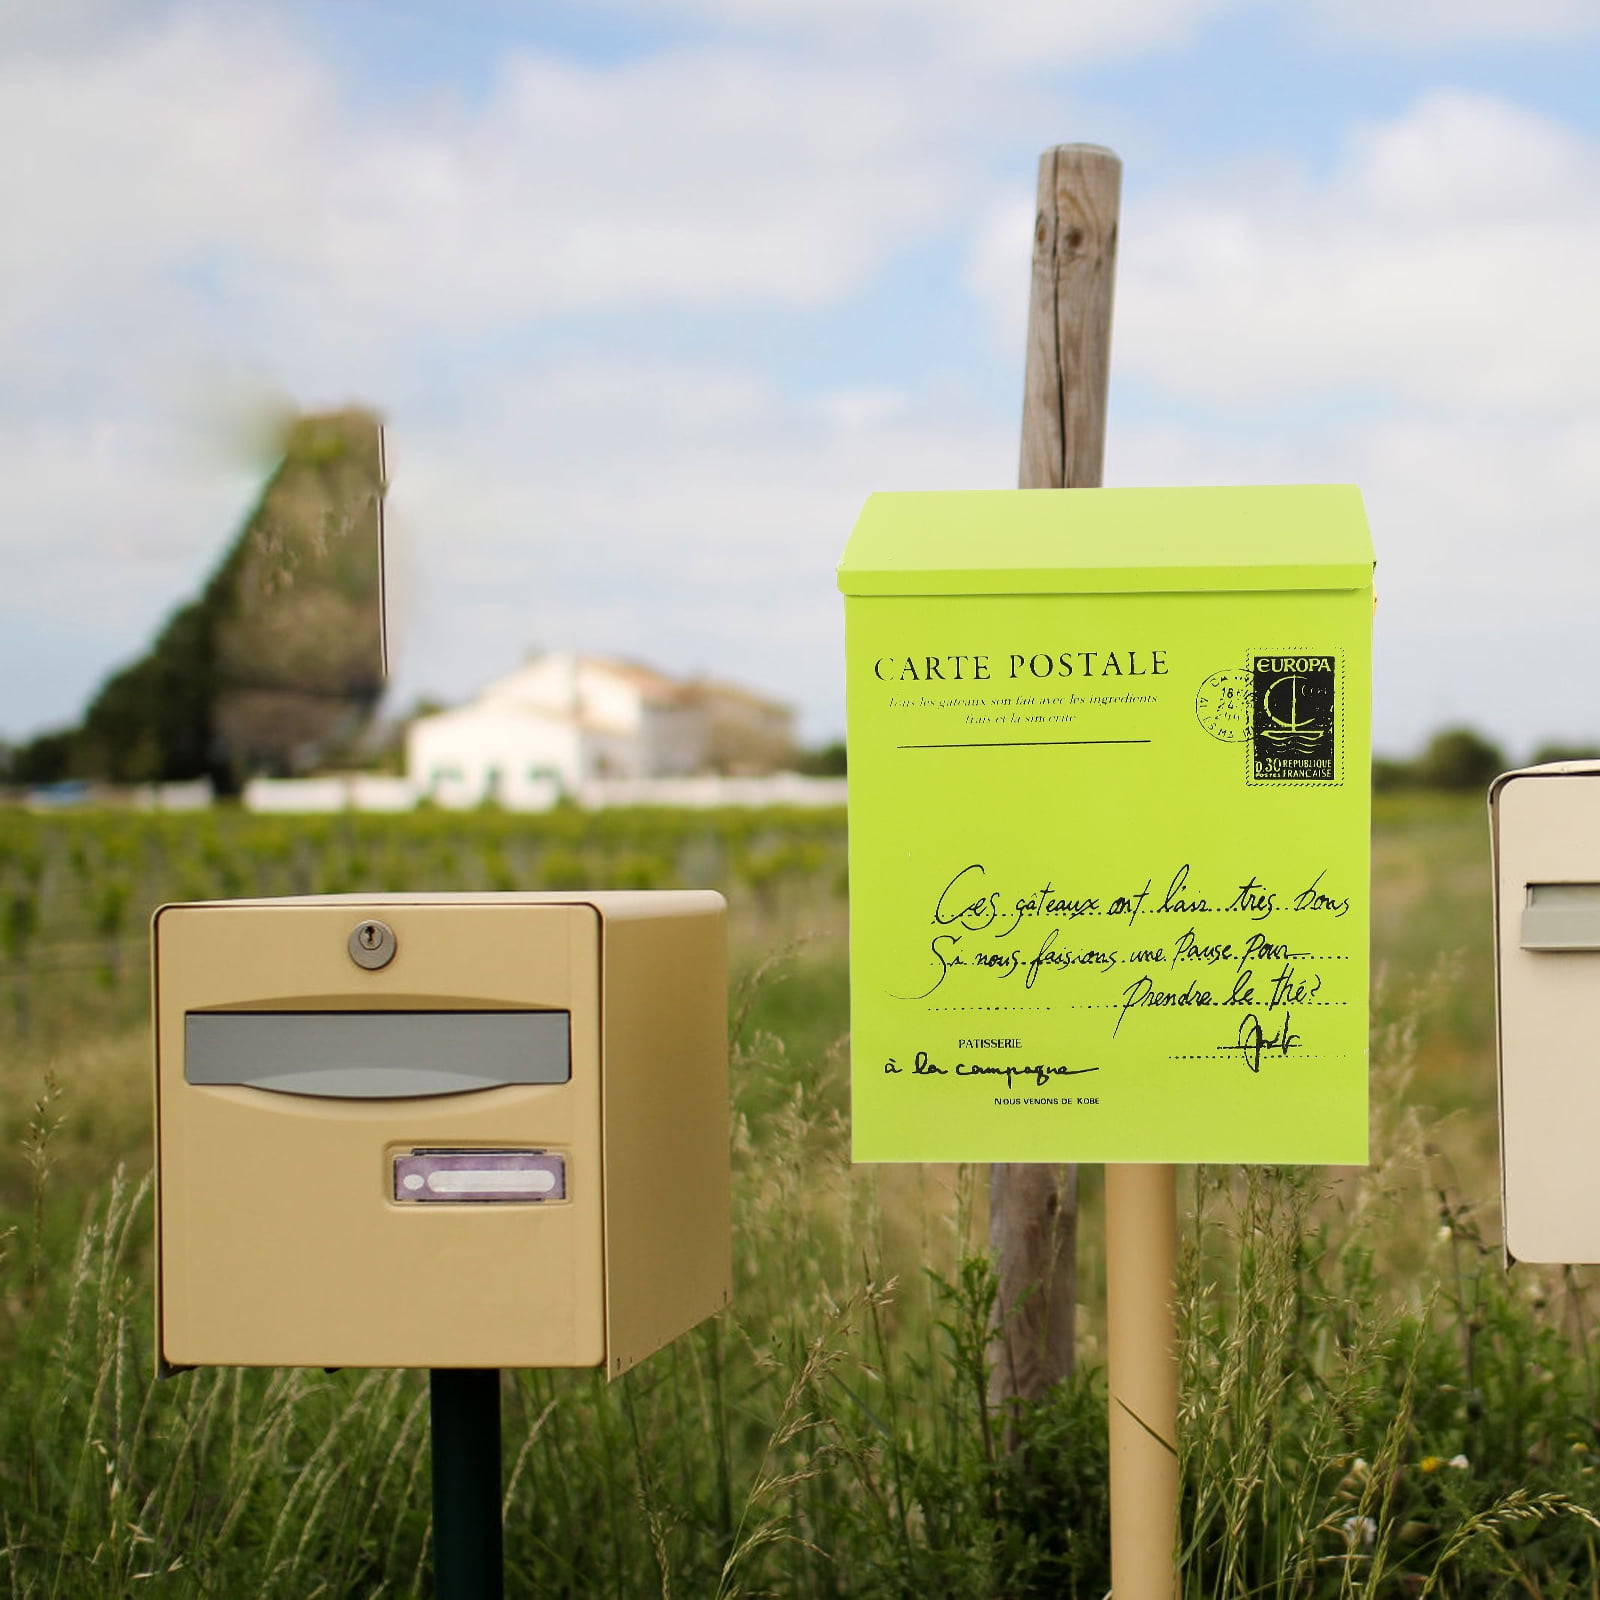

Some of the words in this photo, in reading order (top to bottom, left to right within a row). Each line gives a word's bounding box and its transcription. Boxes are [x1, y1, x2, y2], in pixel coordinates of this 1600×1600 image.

[874, 656, 991, 681] CARTE
[1009, 650, 1169, 678] POSTALE
[1256, 658, 1332, 673] EUROPA
[1069, 693, 1086, 704] les
[935, 864, 1001, 930] Ces
[995, 881, 1100, 937] gâteaux
[1107, 878, 1151, 927] ont
[884, 935, 963, 1000] Si
[974, 950, 1021, 978] nous
[1026, 929, 1118, 989] faisions
[1130, 948, 1166, 962] une
[1223, 969, 1255, 1004] le
[958, 1038, 1022, 1048] PATISSERIE
[912, 1051, 948, 1074] la
[955, 1063, 1099, 1089] campagne
[1023, 1097, 1059, 1105] VENONS
[1061, 1097, 1073, 1105] DE

:: What is needed ::
Omitting all pictures, give the preceding listing again exactly.

:: Problem solution ::
Some of the words in this photo, in reading order (top to bottom, left to right within a row). Each line gives a word's bounding box and its transcription. Boxes are [x1, y1, x2, y2], in pixel coordinates of this 1600×1600 image.

[874, 656, 991, 681] CARTE
[1009, 650, 1169, 678] POSTALE
[1256, 658, 1332, 673] EUROPA
[1069, 693, 1086, 704] les
[935, 864, 1001, 930] Ces
[995, 881, 1100, 937] gâteaux
[1107, 878, 1151, 927] ont
[884, 935, 963, 1000] Si
[974, 950, 1021, 978] nous
[1026, 929, 1118, 989] faisions
[1130, 948, 1166, 962] une
[1223, 969, 1255, 1004] le
[958, 1038, 1022, 1048] PATISSERIE
[912, 1051, 948, 1074] la
[955, 1063, 1099, 1089] campagne
[1023, 1097, 1059, 1105] VENONS
[1061, 1097, 1073, 1105] DE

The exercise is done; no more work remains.